Feraxi, lavori straordinari alle bocche a mare per salvare lo stagno
Entro febbraio sarà ripristinato il naturale equilibrio idraulico e ambientale della bocca a mare dello stagno di Feraxi, nel territorio di Muravera. L’intervento, presentato oggi dal Consorzio di Bonifica della Sardegna Meridionale, riguarda un’operazione di manutenzione straordinaria ambientale finalizzata a ristabilire il corretto scambio d’acqua tra mare e laguna, compromesso dall’accumulo di sedimenti sabbiosi trasportati dalle correnti marine.
L’azione rientra nelle nuove competenze attribuite ai Consorzi di bonifica dalla legge regionale approvata lo scorso febbraio che consente agli enti di intervenire direttamente nella tutela e salvaguardia delle aree lagunari e delle zone umide. Al Consorzio della Sardegna Meridionale è stata affidata la manutenzione dei compendi ittici di Feraxi, Malfatano e Su Stangioni di Teulada, con un finanziamento complessivo di 4 milioni di euro.

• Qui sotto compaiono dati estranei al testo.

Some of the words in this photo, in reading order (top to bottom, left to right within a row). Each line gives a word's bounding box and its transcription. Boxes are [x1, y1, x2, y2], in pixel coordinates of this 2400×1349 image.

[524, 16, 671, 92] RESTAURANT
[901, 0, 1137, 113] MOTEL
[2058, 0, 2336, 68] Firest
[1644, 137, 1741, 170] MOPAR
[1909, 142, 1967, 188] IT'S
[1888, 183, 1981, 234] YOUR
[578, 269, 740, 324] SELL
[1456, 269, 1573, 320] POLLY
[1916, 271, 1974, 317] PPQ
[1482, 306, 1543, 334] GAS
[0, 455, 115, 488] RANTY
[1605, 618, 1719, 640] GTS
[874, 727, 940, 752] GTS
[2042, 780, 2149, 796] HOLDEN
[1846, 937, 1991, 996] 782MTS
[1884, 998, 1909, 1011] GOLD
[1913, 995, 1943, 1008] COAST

Nel caso di Feraxi, i lavori consistono nella riconfigurazione batimetrica della bocca a mare, attraverso la movimentazione di circa 7 mila metri cubi di sedimenti. L’obiettivo è riaprire e stabilizzare il canale di collegamento con il mare, garantendo il ricambio idrico necessario a prevenire fenomeni di stagnazione, accumulo di sostanze tossiche e carenze di ossigeno, che mettono a rischio la fauna ittica e l’intero ecosistema lagunare.

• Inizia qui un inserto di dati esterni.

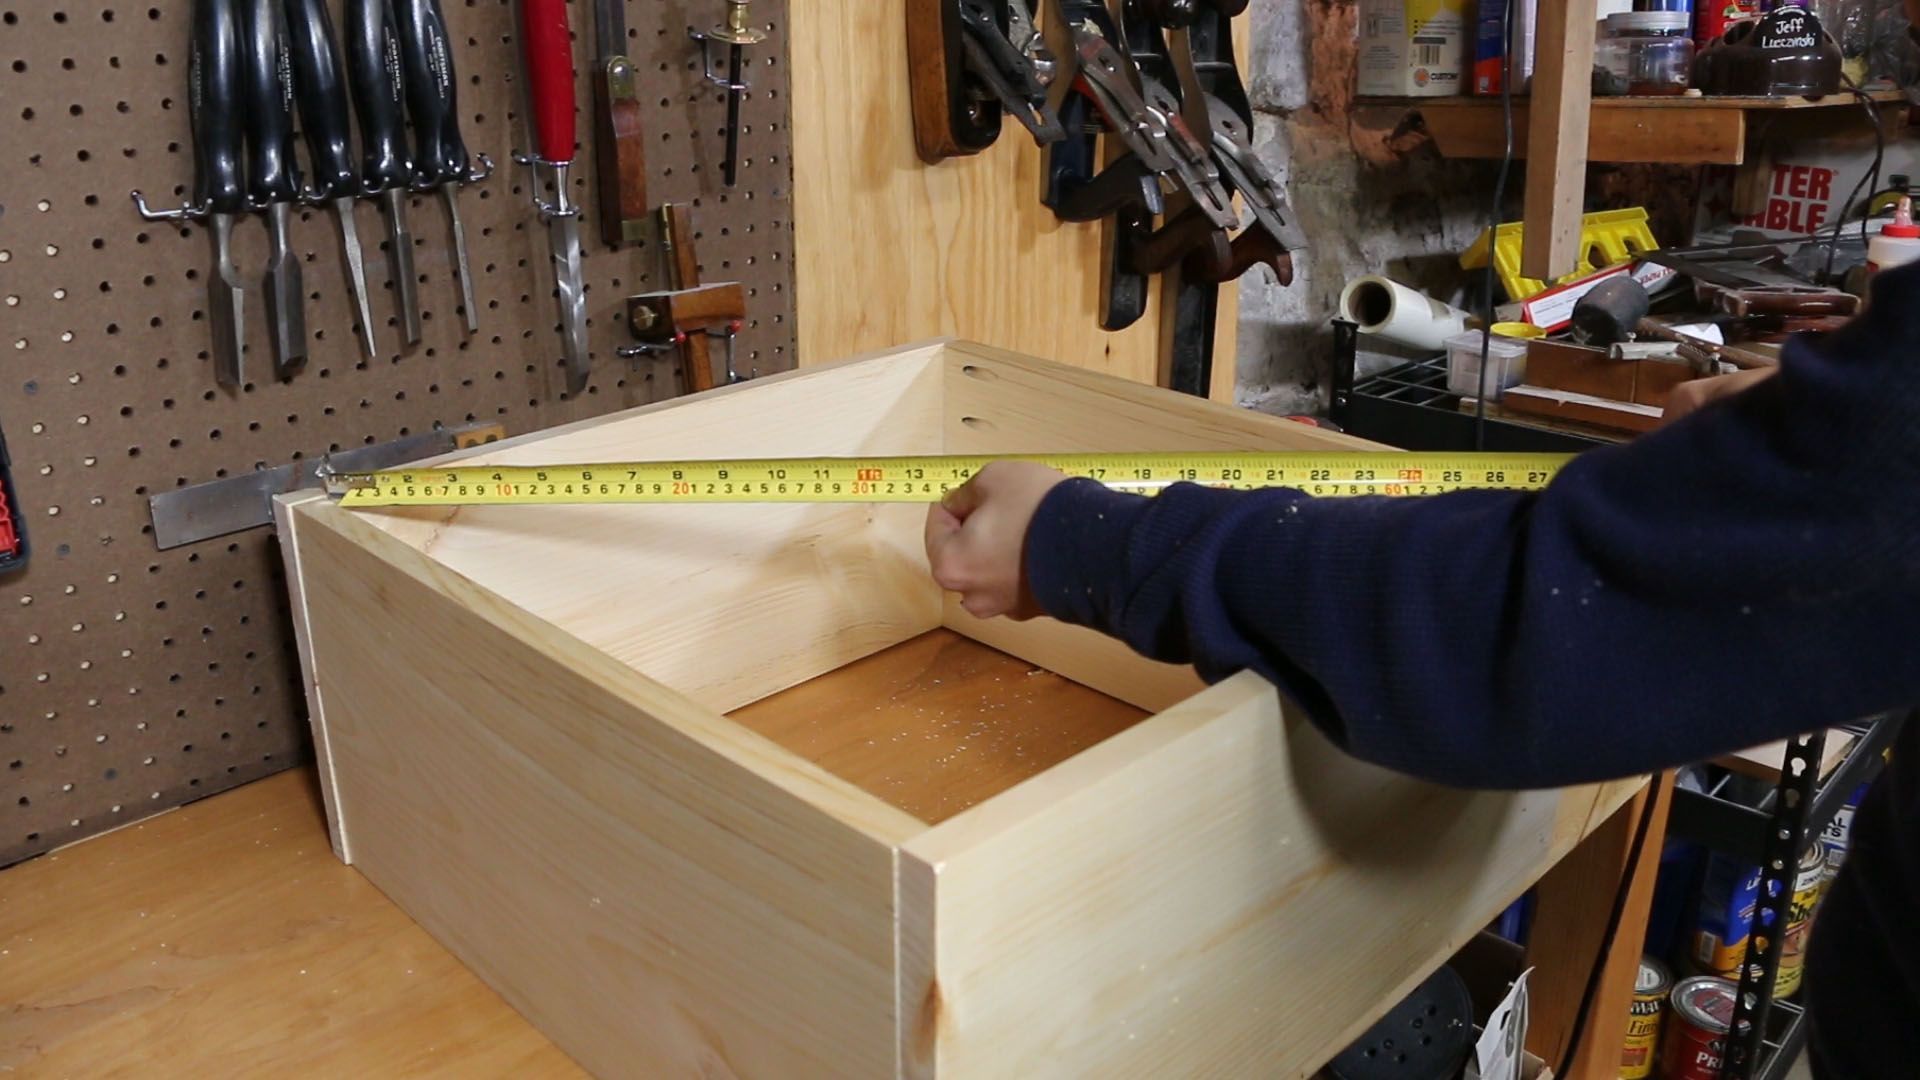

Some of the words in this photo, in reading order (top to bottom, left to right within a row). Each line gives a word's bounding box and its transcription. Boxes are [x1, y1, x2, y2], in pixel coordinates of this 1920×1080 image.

[1776, 18, 1804, 34] Jeff
[1774, 164, 1832, 201] TER
[448, 474, 457, 482] 3
[537, 472, 547, 481] 5
[582, 471, 592, 480] 6
[627, 471, 637, 480] 7
[672, 470, 682, 480] 8
[718, 470, 728, 479] 9
[768, 470, 786, 479] 10
[814, 470, 830, 479] 11
[905, 469, 924, 479] 13
[1088, 469, 1106, 479] 17
[1133, 469, 1151, 479] 18
[1178, 469, 1196, 480] 19
[1222, 469, 1242, 480] 20
[1267, 470, 1284, 480] 21
[1311, 470, 1330, 480] 22
[1355, 470, 1374, 480] 23
[1443, 471, 1462, 482] 25
[1486, 472, 1504, 482] 26
[1528, 472, 1547, 482] 27
[356, 488, 362, 496] 2
[374, 488, 380, 496] 3
[390, 487, 397, 496] 4
[407, 487, 415, 496] 5
[424, 486, 432, 496] 6
[442, 486, 448, 495] 7
[459, 486, 467, 495] 8
[476, 486, 484, 495] 9
[496, 484, 512, 495] 10
[514, 485, 519, 494] 1
[530, 485, 537, 494] 2
[547, 485, 555, 494] 3
[565, 485, 572, 494] 4
[582, 485, 590, 494] 5
[600, 485, 608, 494] 6
[618, 484, 625, 494] 7
[635, 484, 643, 494] 8
[653, 484, 661, 494] 9
[672, 483, 689, 494] 20
[691, 484, 696, 493] 1
[707, 484, 715, 493] 2
[725, 484, 732, 493] 3
[742, 484, 750, 493] 4
[760, 484, 768, 493] 5
[778, 483, 786, 493] 6
[796, 483, 803, 493] 7
[814, 483, 822, 493] 8
[832, 483, 840, 493] 9
[852, 482, 869, 494] 30
[871, 483, 876, 492] 1
[886, 483, 894, 493] 2
[904, 483, 912, 493] 3
[922, 483, 930, 493] 4
[940, 483, 949, 493] 5
[1314, 485, 1322, 494] 6
[1332, 485, 1339, 494] 7
[1350, 485, 1357, 494] 8
[1367, 485, 1375, 494] 9
[1385, 484, 1401, 494] 60
[1404, 486, 1410, 495] 1
[1420, 486, 1428, 495] 2

L’intervento, avviato il 2 febbraio, è ritenuto urgente anche per le ricadute economiche sul territorio: lo stagno di Feraxi è infatti un’area protetta dove convivono attività di itticoltura, mitilicoltura, pesca sportiva e turismo ambientale. Il materiale rimosso verrà depositato all’interno dello stagno per creare un abbancamento funzionale a futuri interventi di manutenzione.